There are many things wrong with the CCGPP, and the flaws have been amply cataloged by chiropractic organizations, researchers and individual doctors. Yet, the CCGPP refuses admit and address the problems or even respond to its critics. In its arrogance it continues to ignore the profession, except to exhort doctors to accept it simply because it was developed by the CCGPP.

Here's what one article on CCGPP's website says: "So, how can DC's use the new CCGPP Best Practice document to their advantage? Read it! Understand it! Some of the best minds in our profession toiled tirelessly to provide you with a useful summary of what is most likely to work best for your patients."

Some of the best minds in the profession? That statement alone would generate a year‑long debate, but the idea that the members of the CCGPP, many of whom are not in practice and haven't been for years, are in a position to tell practicing DCs what is most likely to work best for their patients is the epitome of arrogance.
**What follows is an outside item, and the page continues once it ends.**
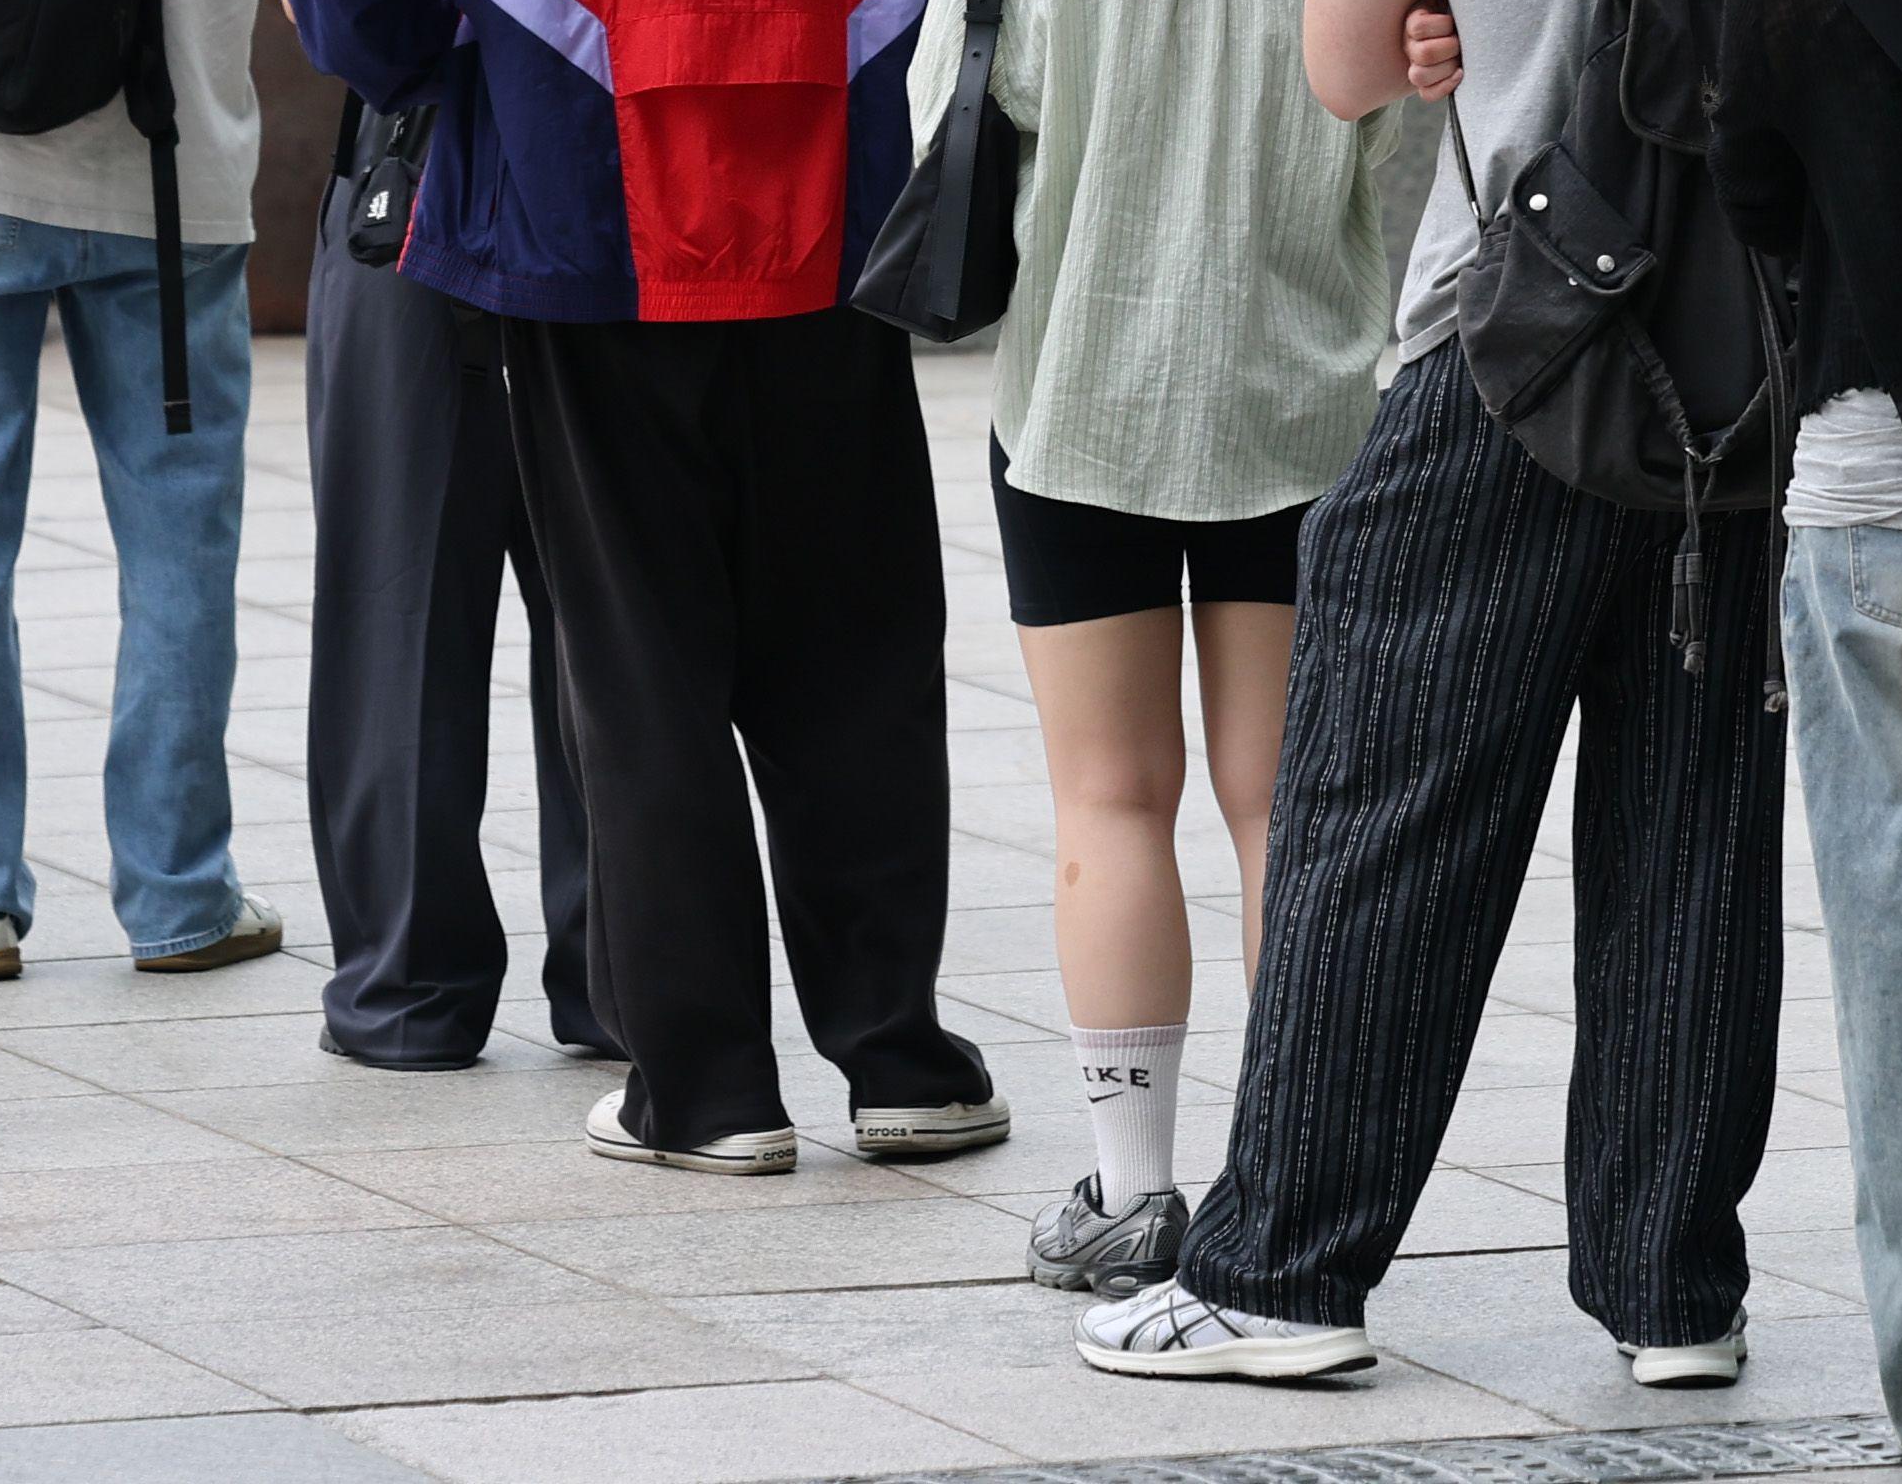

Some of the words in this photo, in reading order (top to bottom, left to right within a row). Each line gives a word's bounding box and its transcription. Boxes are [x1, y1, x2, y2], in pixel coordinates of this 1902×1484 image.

[1082, 1067, 1150, 1088] IKE
[867, 1126, 908, 1137] crocs
[763, 1147, 796, 1162] crocs
Is CCGPP's Research Commission Chair, John Triano, DC, the best person to tell you what's best for your patients? After all, this is the same person who, in an article for Chiropractic & Osteopathy (2005, 13:9), stated: "A number of models are impractical, implausible or even indefensible from a purely scientific point of view (e.g., subluxation‑based healthcare), from a professional practice perspective (e.g., the primary care model), or simply from common sense (e.g. Innate Intelligence as an operational system for influencing health)."

Repeatedly, the CCGPP promised it would be open to input from the profession. They never claimed they would do anything with the input other than "review" it. They are under no obligation to change a single word of their documents no matter how many organizations reject it.

The CCGPP states, in bold, red capital letters, that: "IF COMMENTS ARE WITH RESPECT TO SUBJECT MATTER SUBSTANCE, THEY WILL BE REVIEWED BY THE TEAM. ALL COMMENT TOPICS WILL BE PUBLISHED IN THE FINAL VERSION WITH RESPONSES REFLECTING THE AGREEMENT/DISAGREEMENT AND RATIONALE."

It's interesting that they say only that the "comment topics" will be published in the final version. What about the comments themselves? Will they have the courage to put dissenting opinions in the document? Will they address the problems of substituting personal opinions for evidence, or of the ill‑conceived idea of partnering with the WLDI in the first place? Will the final document have a place for comments from organizations such as the WCA, or state groups like the Wisconsin Chiropractic Association, Maryland Chiropractic Association, New York Chiropractic Council, Georgia Chiropractic Association, Association of New Jersey Chiropractors and dozens of others?

It's doubtful we'll know until the WLDI starts publishing the documents and marketing them to insurance companies. The CCGPP certainly isn't talking.